* DIRECTIONS FOR THIS TASK *
Every line of the listing should be transcribed exactly, with nothing left out.

* THE DATA *
━━━━━━━━━━━━━━━━━━━━

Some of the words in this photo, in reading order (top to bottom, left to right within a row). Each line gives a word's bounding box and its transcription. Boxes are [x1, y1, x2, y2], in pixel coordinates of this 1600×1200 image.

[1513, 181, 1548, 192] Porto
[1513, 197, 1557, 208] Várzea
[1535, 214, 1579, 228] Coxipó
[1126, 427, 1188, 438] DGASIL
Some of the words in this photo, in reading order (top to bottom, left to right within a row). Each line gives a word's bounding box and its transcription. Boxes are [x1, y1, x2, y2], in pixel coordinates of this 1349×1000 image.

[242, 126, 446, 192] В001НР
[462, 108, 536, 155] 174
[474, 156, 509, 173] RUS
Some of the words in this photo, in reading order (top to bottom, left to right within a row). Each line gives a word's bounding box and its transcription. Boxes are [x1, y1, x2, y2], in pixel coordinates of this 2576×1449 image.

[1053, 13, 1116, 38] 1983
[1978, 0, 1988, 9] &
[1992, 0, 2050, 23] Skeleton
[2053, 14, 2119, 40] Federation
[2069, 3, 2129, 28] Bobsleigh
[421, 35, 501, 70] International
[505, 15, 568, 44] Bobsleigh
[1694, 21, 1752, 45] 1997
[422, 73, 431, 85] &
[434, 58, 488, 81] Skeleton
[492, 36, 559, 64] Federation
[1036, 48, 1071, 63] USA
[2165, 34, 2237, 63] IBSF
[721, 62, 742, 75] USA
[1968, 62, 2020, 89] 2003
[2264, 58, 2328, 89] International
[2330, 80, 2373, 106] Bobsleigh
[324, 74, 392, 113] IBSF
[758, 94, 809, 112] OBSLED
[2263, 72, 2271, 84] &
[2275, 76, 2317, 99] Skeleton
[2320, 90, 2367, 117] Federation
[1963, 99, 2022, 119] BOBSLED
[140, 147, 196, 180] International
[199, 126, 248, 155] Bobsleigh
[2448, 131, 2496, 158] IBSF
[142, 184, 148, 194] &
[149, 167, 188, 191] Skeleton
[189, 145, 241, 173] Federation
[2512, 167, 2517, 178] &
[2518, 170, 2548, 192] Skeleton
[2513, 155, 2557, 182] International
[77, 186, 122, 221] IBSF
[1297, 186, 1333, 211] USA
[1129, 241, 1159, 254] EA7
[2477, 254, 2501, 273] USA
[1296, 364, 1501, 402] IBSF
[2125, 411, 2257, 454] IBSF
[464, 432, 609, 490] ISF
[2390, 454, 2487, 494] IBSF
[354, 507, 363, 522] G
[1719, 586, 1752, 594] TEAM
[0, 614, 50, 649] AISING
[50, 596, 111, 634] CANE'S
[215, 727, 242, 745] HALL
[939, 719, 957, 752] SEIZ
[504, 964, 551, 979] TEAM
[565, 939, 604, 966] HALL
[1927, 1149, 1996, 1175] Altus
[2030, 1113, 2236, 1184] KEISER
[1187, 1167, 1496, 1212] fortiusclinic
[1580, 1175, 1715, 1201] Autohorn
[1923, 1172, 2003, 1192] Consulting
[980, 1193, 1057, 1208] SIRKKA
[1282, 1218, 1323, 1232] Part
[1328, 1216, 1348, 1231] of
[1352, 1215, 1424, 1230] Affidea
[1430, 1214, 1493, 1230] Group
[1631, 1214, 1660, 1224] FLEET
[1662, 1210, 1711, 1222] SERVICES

━━━━━━━━━━━━━━━━━━━━

* TASK OUTPUT *
Some of the words in this photo, in reading order (top to bottom, left to right within a row). Each line gives a word's bounding box and its transcription. Boxes are [x1, y1, x2, y2], in pixel coordinates of this 1600×1200 image.

[1513, 181, 1548, 192] Porto
[1513, 197, 1557, 208] Várzea
[1535, 214, 1579, 228] Coxipó
[1126, 427, 1188, 438] DGASIL
Some of the words in this photo, in reading order (top to bottom, left to right within a row). Each line gives a word's bounding box and its transcription. Boxes are [x1, y1, x2, y2], in pixel coordinates of this 1349×1000 image.

[242, 126, 446, 192] В001НР
[462, 108, 536, 155] 174
[474, 156, 509, 173] RUS
Some of the words in this photo, in reading order (top to bottom, left to right within a row). Each line gives a word's bounding box and its transcription. Boxes are [x1, y1, x2, y2], in pixel coordinates of this 2576×1449 image.

[1053, 13, 1116, 38] 1983
[1978, 0, 1988, 9] &
[1992, 0, 2050, 23] Skeleton
[2053, 14, 2119, 40] Federation
[2069, 3, 2129, 28] Bobsleigh
[421, 35, 501, 70] International
[505, 15, 568, 44] Bobsleigh
[1694, 21, 1752, 45] 1997
[422, 73, 431, 85] &
[434, 58, 488, 81] Skeleton
[492, 36, 559, 64] Federation
[1036, 48, 1071, 63] USA
[2165, 34, 2237, 63] IBSF
[721, 62, 742, 75] USA
[1968, 62, 2020, 89] 2003
[2264, 58, 2328, 89] International
[2330, 80, 2373, 106] Bobsleigh
[324, 74, 392, 113] IBSF
[758, 94, 809, 112] OBSLED
[2263, 72, 2271, 84] &
[2275, 76, 2317, 99] Skeleton
[2320, 90, 2367, 117] Federation
[1963, 99, 2022, 119] BOBSLED
[140, 147, 196, 180] International
[199, 126, 248, 155] Bobsleigh
[2448, 131, 2496, 158] IBSF
[142, 184, 148, 194] &
[149, 167, 188, 191] Skeleton
[189, 145, 241, 173] Federation
[2512, 167, 2517, 178] &
[2518, 170, 2548, 192] Skeleton
[2513, 155, 2557, 182] International
[77, 186, 122, 221] IBSF
[1297, 186, 1333, 211] USA
[1129, 241, 1159, 254] EA7
[2477, 254, 2501, 273] USA
[1296, 364, 1501, 402] IBSF
[2125, 411, 2257, 454] IBSF
[464, 432, 609, 490] ISF
[2390, 454, 2487, 494] IBSF
[354, 507, 363, 522] G
[1719, 586, 1752, 594] TEAM
[0, 614, 50, 649] AISING
[50, 596, 111, 634] CANE'S
[215, 727, 242, 745] HALL
[939, 719, 957, 752] SEIZ
[504, 964, 551, 979] TEAM
[565, 939, 604, 966] HALL
[1927, 1149, 1996, 1175] Altus
[2030, 1113, 2236, 1184] KEISER
[1187, 1167, 1496, 1212] fortiusclinic
[1580, 1175, 1715, 1201] Autohorn
[1923, 1172, 2003, 1192] Consulting
[980, 1193, 1057, 1208] SIRKKA
[1282, 1218, 1323, 1232] Part
[1328, 1216, 1348, 1231] of
[1352, 1215, 1424, 1230] Affidea
[1430, 1214, 1493, 1230] Group
[1631, 1214, 1660, 1224] FLEET
[1662, 1210, 1711, 1222] SERVICES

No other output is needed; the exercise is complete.